◆ What needs to be done
When you reproduce the entries below, keep each one exact and drop any pictures.

======== Material provided

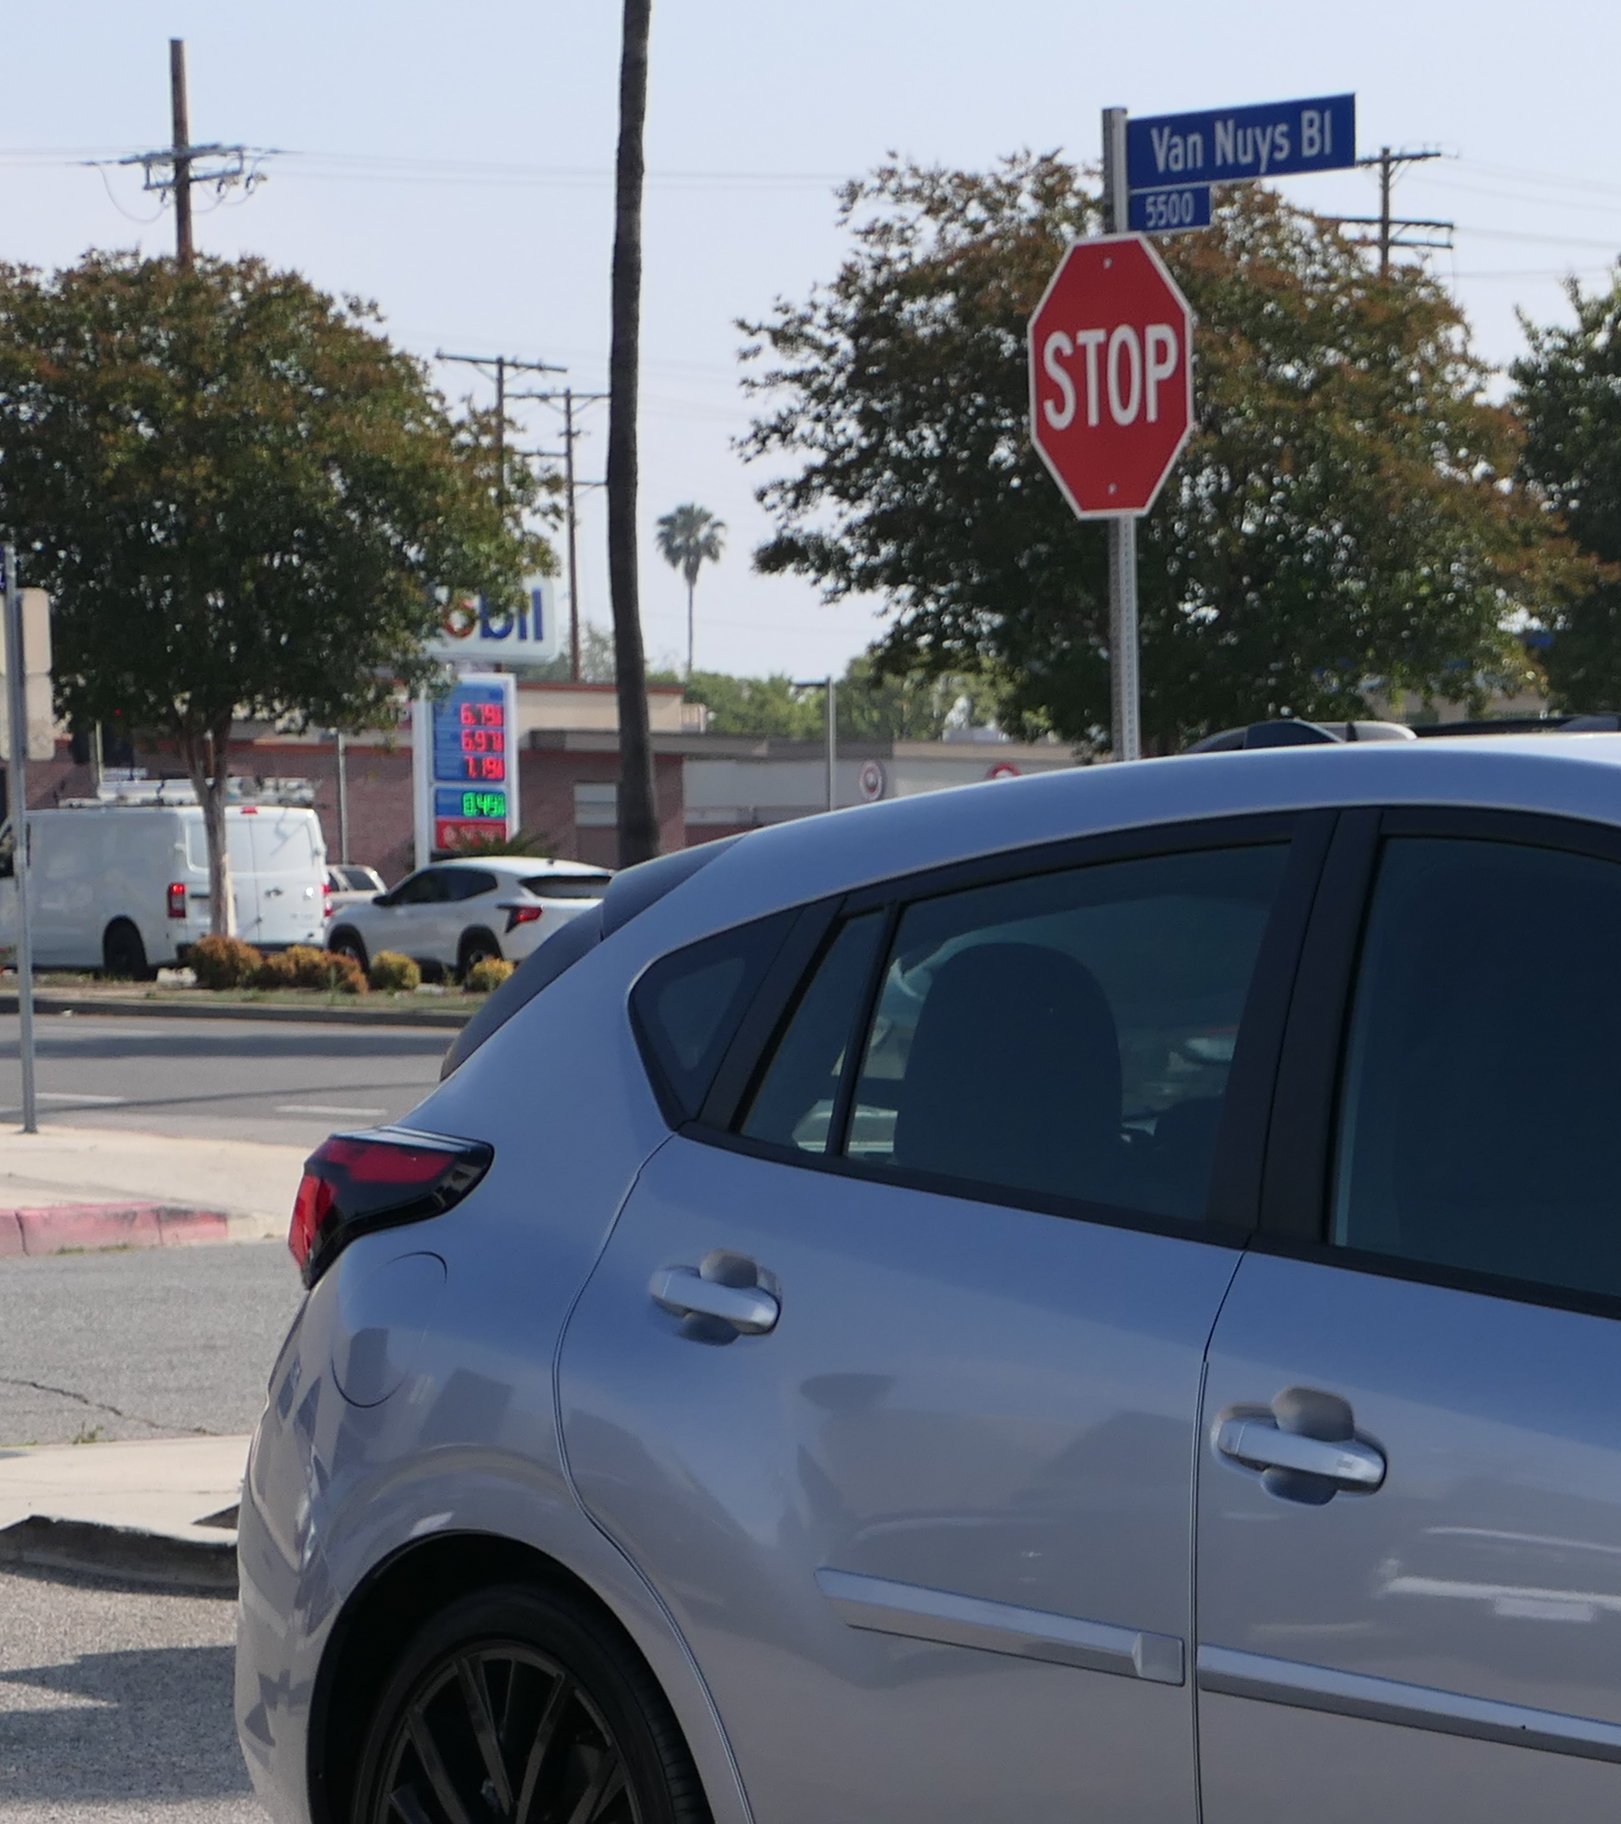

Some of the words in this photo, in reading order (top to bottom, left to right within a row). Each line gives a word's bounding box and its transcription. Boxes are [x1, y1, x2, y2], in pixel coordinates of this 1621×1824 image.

[1151, 126, 1204, 174] Van
[1214, 118, 1291, 174] Nuys
[1145, 191, 1194, 228] 5500
[1043, 323, 1179, 431] STOP
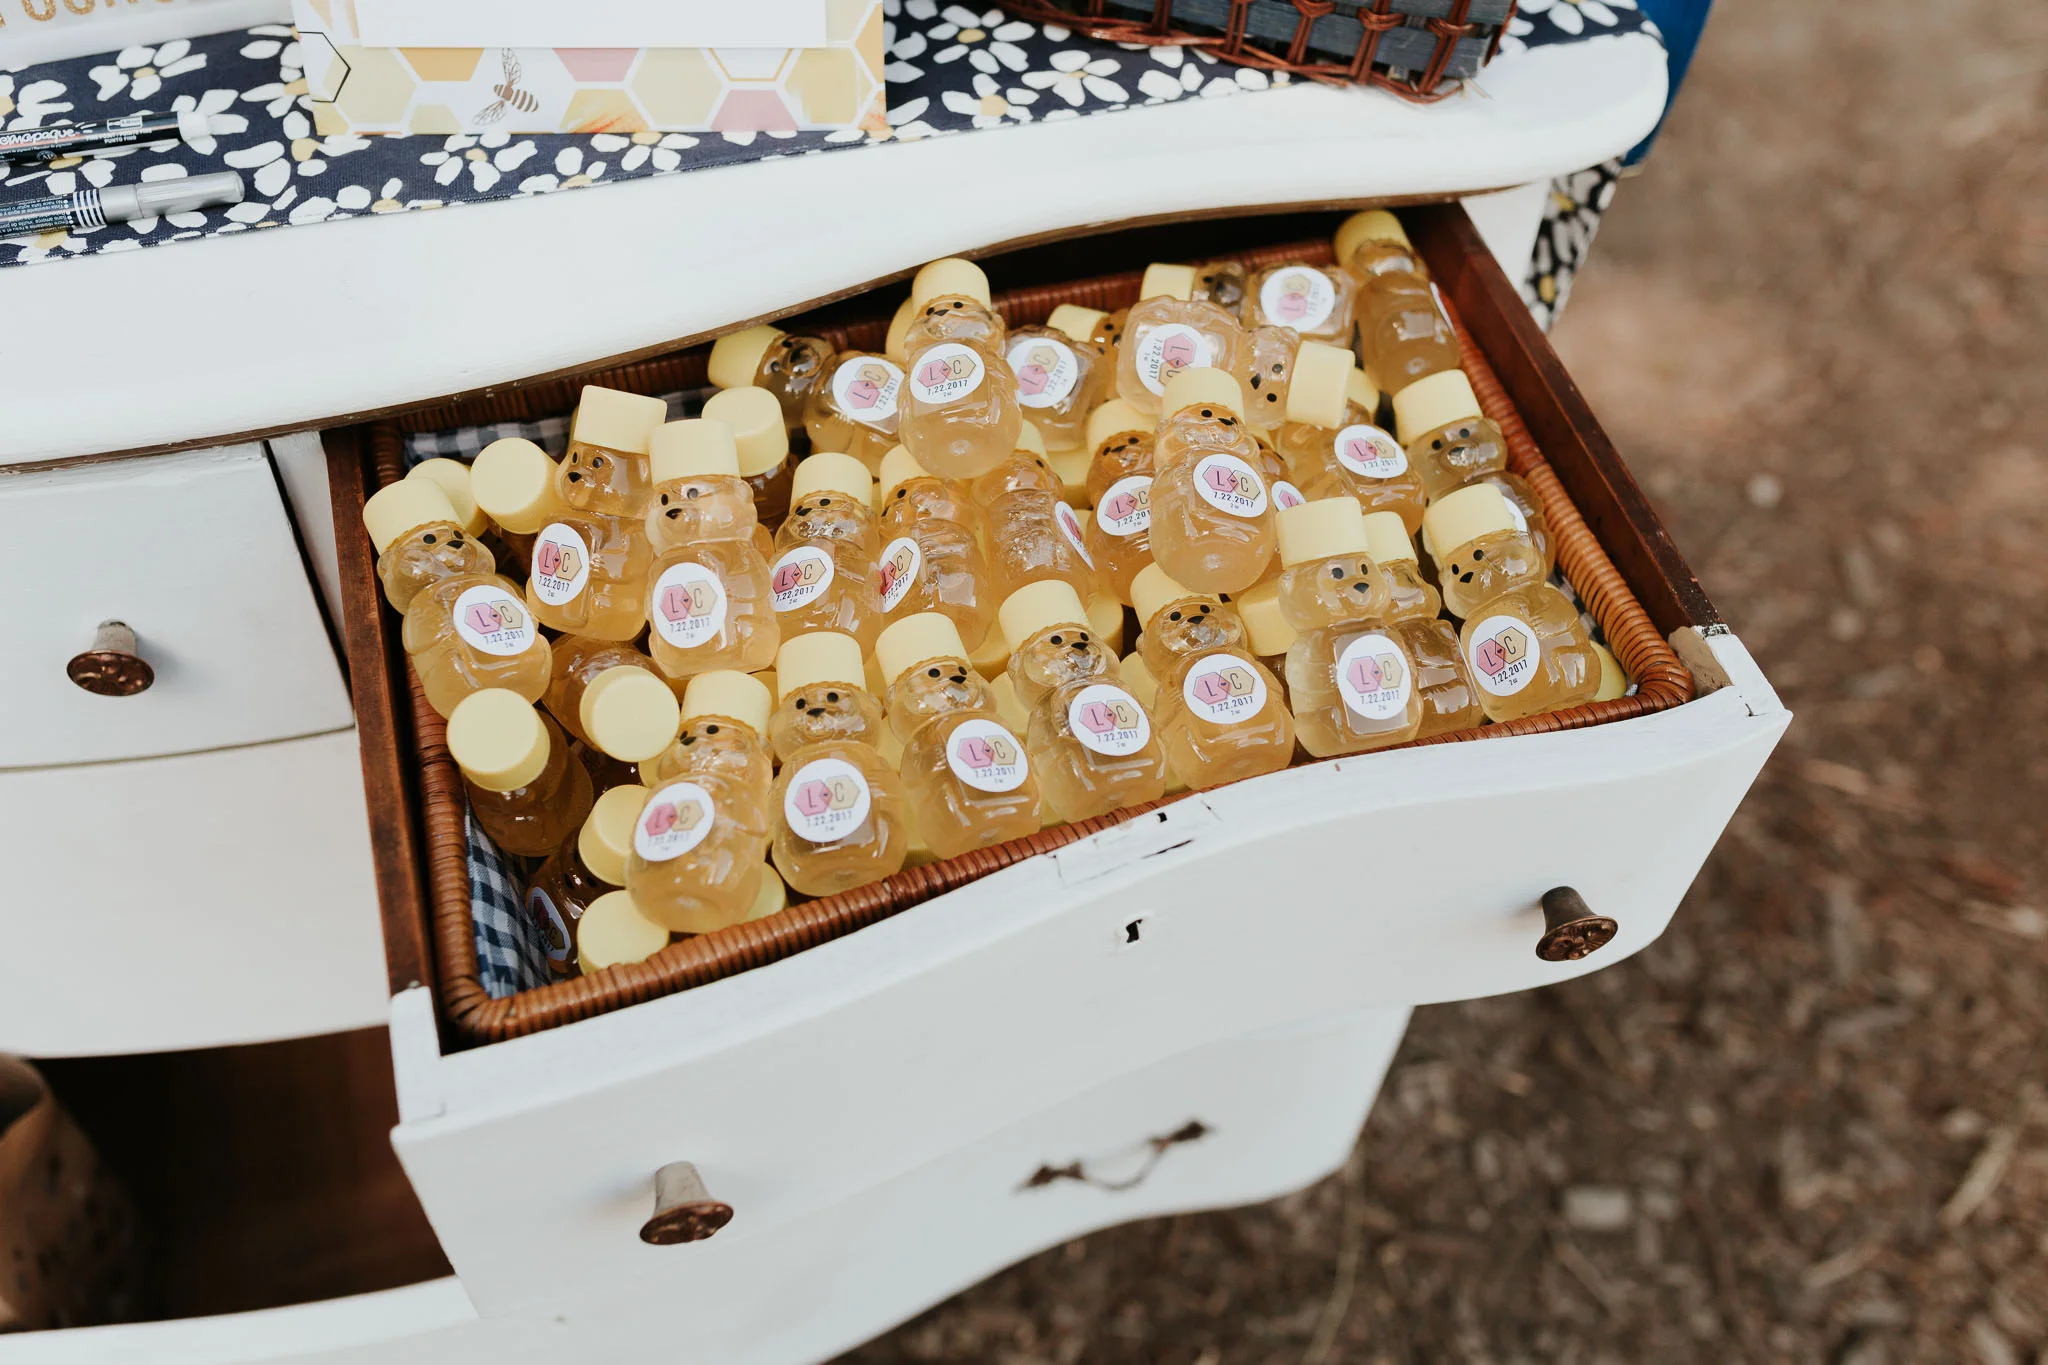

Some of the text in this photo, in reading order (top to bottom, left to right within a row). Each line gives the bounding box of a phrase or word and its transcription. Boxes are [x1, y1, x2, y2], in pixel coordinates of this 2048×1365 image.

================

◆ Response to the exercise
Some of the words in this photo, in reading order (top to bottom, left to right within a row). Each line gives a word's bounding box and its transcription. Boxes are [x1, y1, x2, y2], in pixel coordinates of this 1621×1824 image.

[1151, 126, 1204, 174] Van
[1214, 118, 1291, 174] Nuys
[1145, 191, 1194, 228] 5500
[1043, 323, 1179, 431] STOP

Some of the text in this photo, in reading order (top to bottom, left to right within a row). Each line gives the bounding box of a phrase or word and its transcription. Boxes are [x1, y1, x2, y2], in pixel coordinates of this 2048×1365 image.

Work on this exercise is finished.